On Friday, I spoke to Chris Dottie, the president of the British Chamber of Commerce in Spain, about Brexit (and the Catalan crisis). He said 200,000 jobs and €6 billion of tax revenue from British companies—which have invested €66 billion in Spain over the last ten years—are at stake with Brexit, not including the tourist sector.
Brits are the largest group of foreign tourists by far in Spain: the latest data from the National Statistics Institute (INE) shows 12.9 million visited Spain through the end of August this year, more than the French (8.3 million), the Germans (7.7 million), the Scandinavians (4 million), or the Italians (3 million). The total for last year was 18.8 million British tourists visiting Spain, a new record.
INE data also show about 97 percent of British tourists fly to Spain. That means a no-deal Brexit, via the IATA air industry warning and the INE data, puts Easter breaks, sunny summer holidays, boozy stag parties, raucous golf trips, long relaxing weekends in the villa on the costas and profitable business travel at risk for about 17.3 million people. And British tourists spent €17.4 billion here last year, so a no-deal Brexit puts about €16 billion of income for Spanish tourist companies on the line as well.
That would obviously be a complete disaster, both for British holidaymakers and Spanish tourism.
“I do think that no-deal unfortunately is quite a likely scenario”, said Mr. Dottie, who is attempting to advise his member companies on how to prepare for Brexit without having any clue about what precisely to prepare for. The food industry is also at risk, especially fruit and veg for British supermarkets, and a no-deal Brexit would cause chaos in the car and aircraft manufacturing industries. Spanish companies might find themselves exporting to a non-EU country in April.
Then there are the human resources implications for those 200,000 non-tourist jobs and for all of the other Brits in Spain, or Spaniards in the UK, who work in other industries, which dovetail precisely with the personal and professional worries of all those who live and work in one of the countries while holding the nationality of the other.
Will they be allowed to stay and work at all? In theory, neither London nor Madrid would be that stupid but here we are with five months to go and no Brexit deal. Will they need visas? Work permits? A new nationality? What will happen with social security registrations?
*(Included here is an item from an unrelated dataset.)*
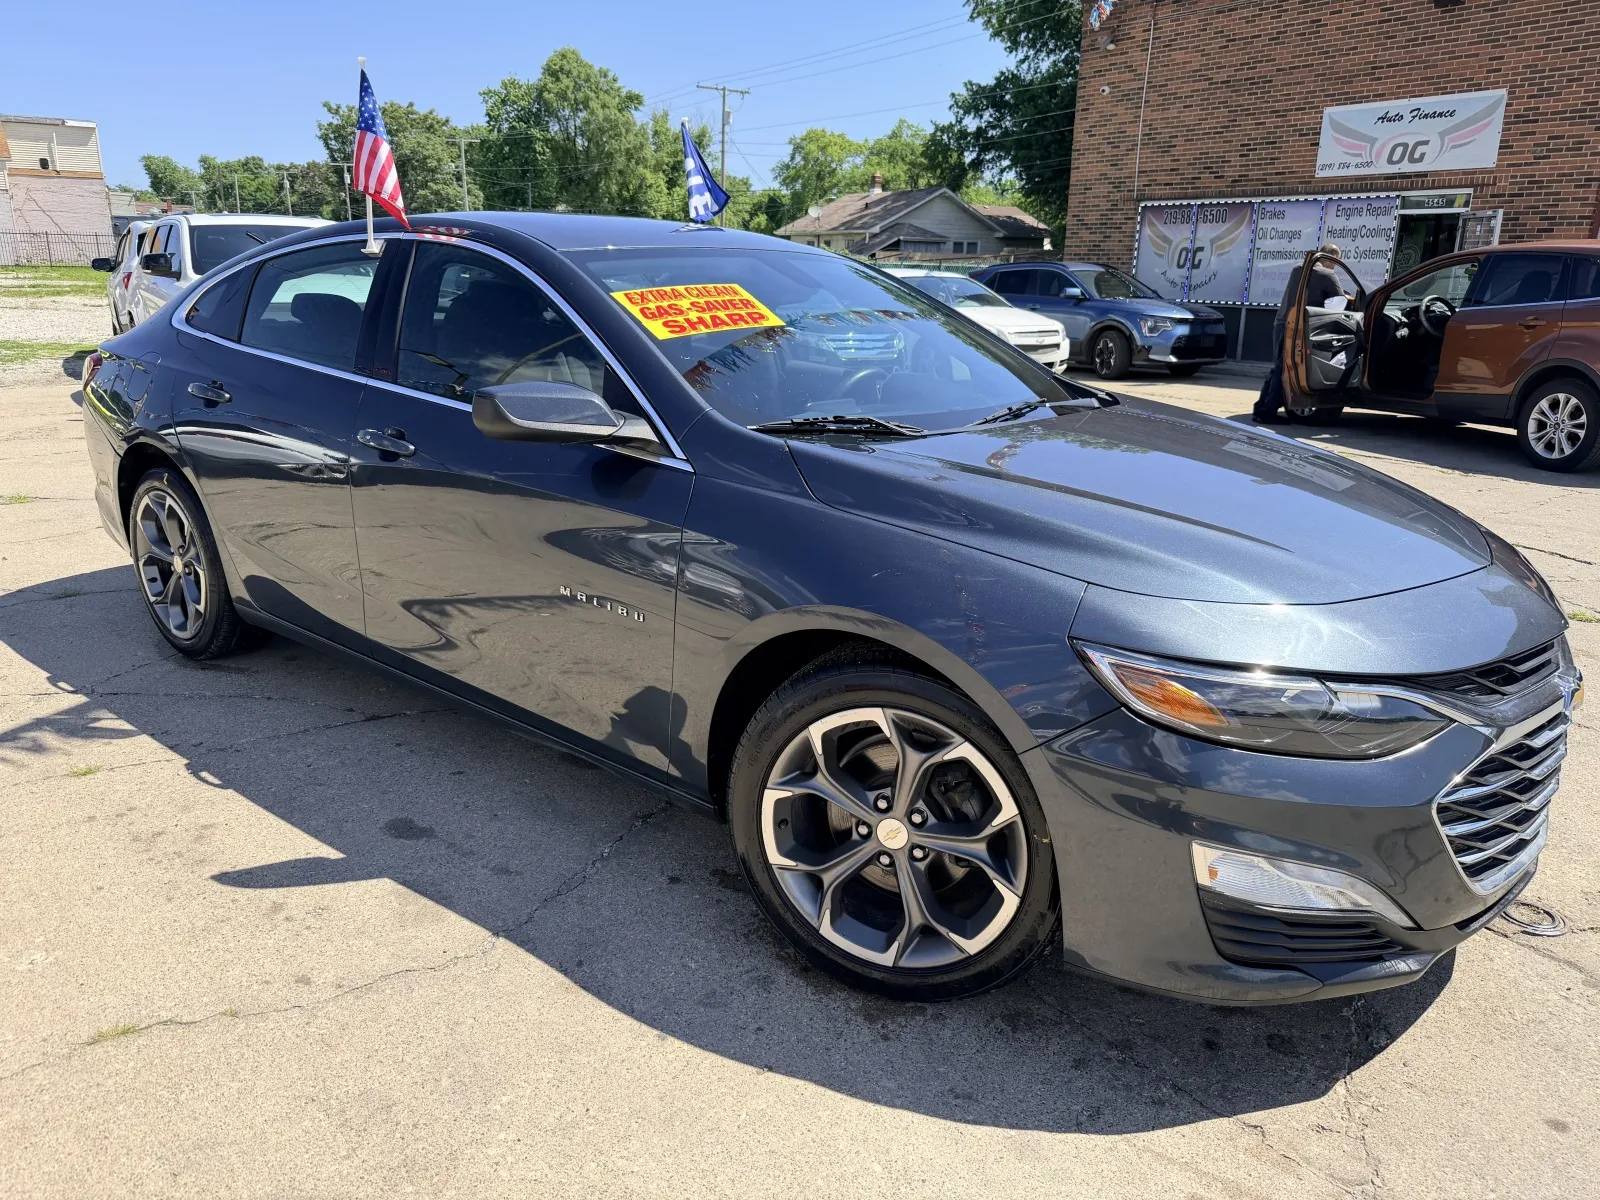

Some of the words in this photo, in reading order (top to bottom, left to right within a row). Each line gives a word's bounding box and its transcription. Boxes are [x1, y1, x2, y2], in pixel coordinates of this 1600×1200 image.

If social security registrations are not sorted out, what happens to access to healthcare (not for British pensioners who retired to Spain but for British nationals who have been working here and paying taxes for 20 years)?
And let’s not forget voting rights, given that European and local elections will take place in Spain next May.
Life plans constructed over the last two or three decades, taking full advantage of rights as European citizens within the European Union, are suddenly, urgently, in danger for hundreds of thousands of people, because government negotiators are still arguing about what generic form Brexit will adopt.
Aware of how long bureaucracy takes to rubber stamp nationality, work, property or personal changes in status for corporations, families and individuals, everyone should be ticking the right boxes on the right forms for the right administrative options at this point, before paying the right fees at the right window in the right offices.
But no one knows what those boxes are, or what the forms look like, or where the offices are, or from which ultimate administrate ends each individual may choose to attempt to reorganise their own personal and family situation. Companies, as Mr. Dottie confirmed on Friday, are none the wiser either.
Whether you believe the referendum was really about immigration, the European Court of Justice, Boris and the big red bus, or Brussels and bendy bananas, it was a grand strategic decision for the United Kingdom: it will affect the whole country and its neighbours for a generation, at least. More than two years after the vote, however, the British government still has no clear idea about how to implement that long-term conclusion in specific strategies in the real world for different parts of the whole.
This lack of leadership, decision and planning will soon create palpable problems for a lot of people.